→ **Task instructions**
In the records below, locate the line containing "Some of the text", then output that line and all later lines exactly, through the last one.

Stored data entries
* * * * * * * * *
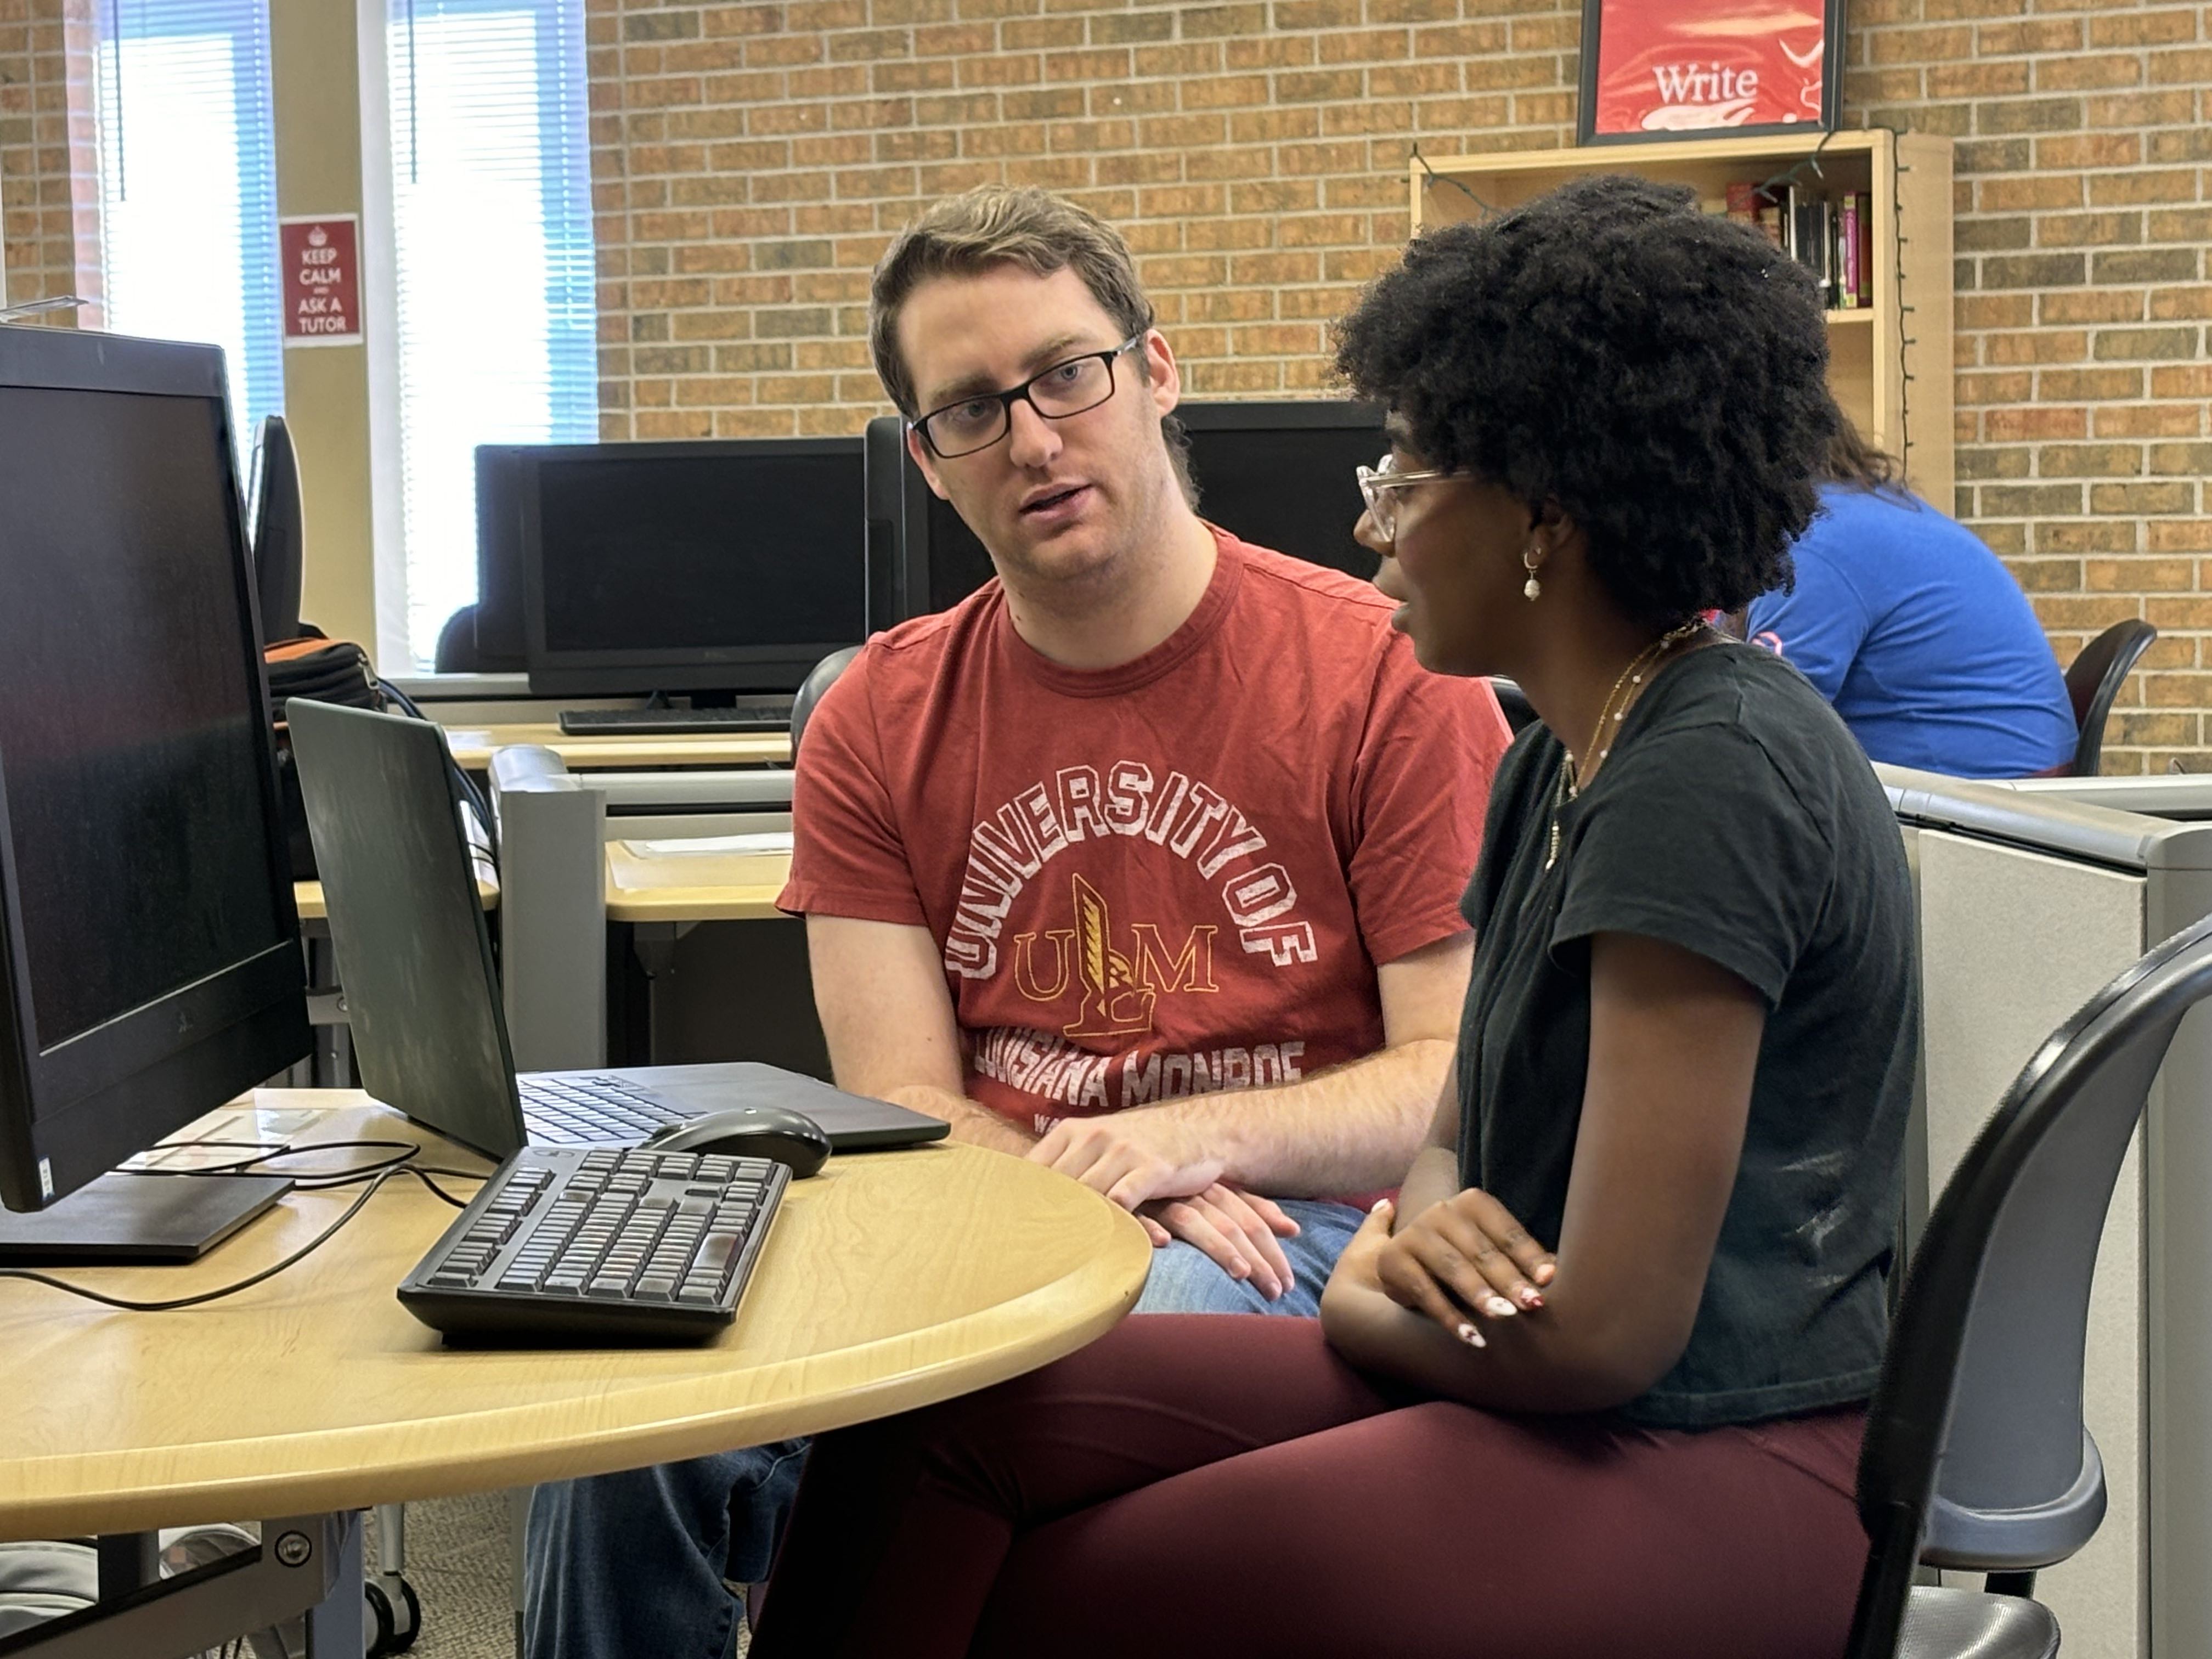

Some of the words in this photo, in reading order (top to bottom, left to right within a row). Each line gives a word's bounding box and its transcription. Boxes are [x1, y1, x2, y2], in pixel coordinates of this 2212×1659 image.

[1652, 61, 1758, 104] Write
[302, 248, 337, 264] KEEP
[300, 268, 341, 285] CALM
[298, 298, 327, 314] ASK
[330, 297, 342, 313] A
[298, 316, 346, 334] TUTOR
[944, 760, 1267, 980] UNIVERSITY
[1221, 862, 1318, 967] OF
[1121, 1041, 1305, 1107] MONROE
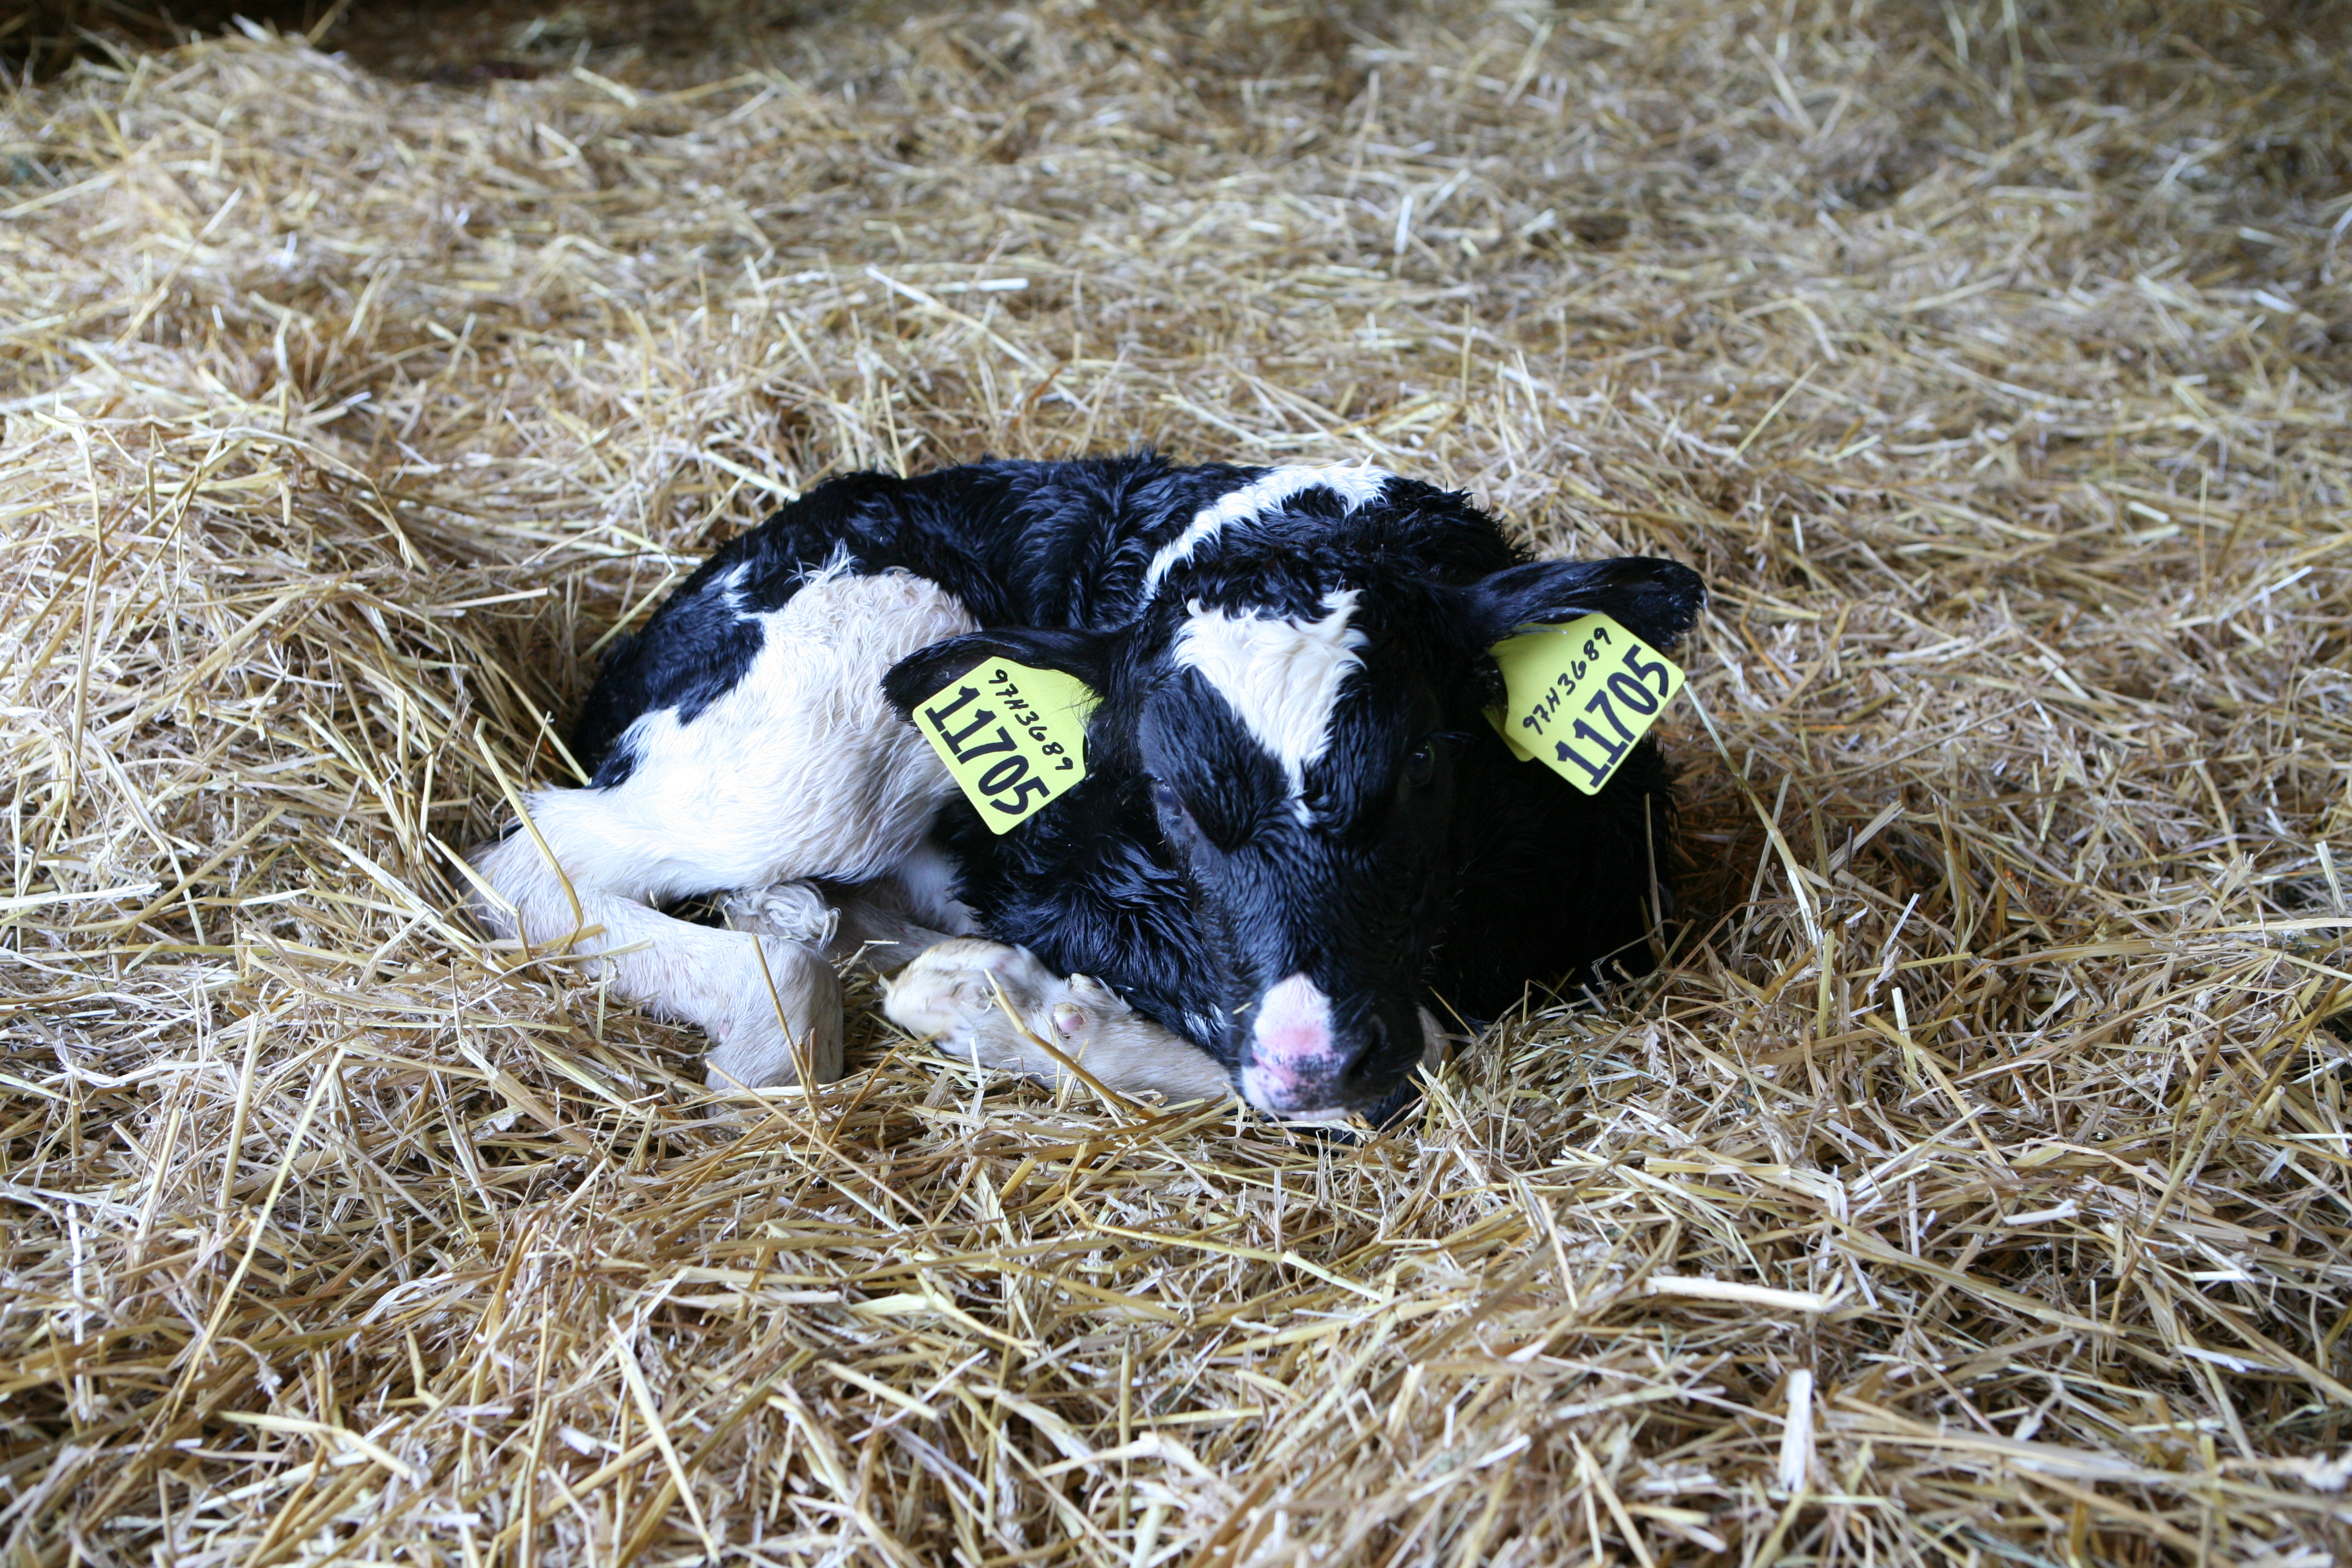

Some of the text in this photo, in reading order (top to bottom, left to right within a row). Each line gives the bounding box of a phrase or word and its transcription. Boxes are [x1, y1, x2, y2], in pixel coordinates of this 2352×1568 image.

[989, 669, 1073, 770] 97H3689
[1523, 627, 1612, 735] 97H3689
[1555, 644, 1669, 788] 11705
[925, 686, 1051, 815] 11705
* * * * * * * * *
→ **Written solution**
Some of the text in this photo, in reading order (top to bottom, left to right within a row). Each line gives the bounding box of a phrase or word and its transcription. Boxes are [x1, y1, x2, y2], in pixel coordinates of this 2352×1568 image.

[989, 669, 1073, 770] 97H3689
[1523, 627, 1612, 735] 97H3689
[1555, 644, 1669, 788] 11705
[925, 686, 1051, 815] 11705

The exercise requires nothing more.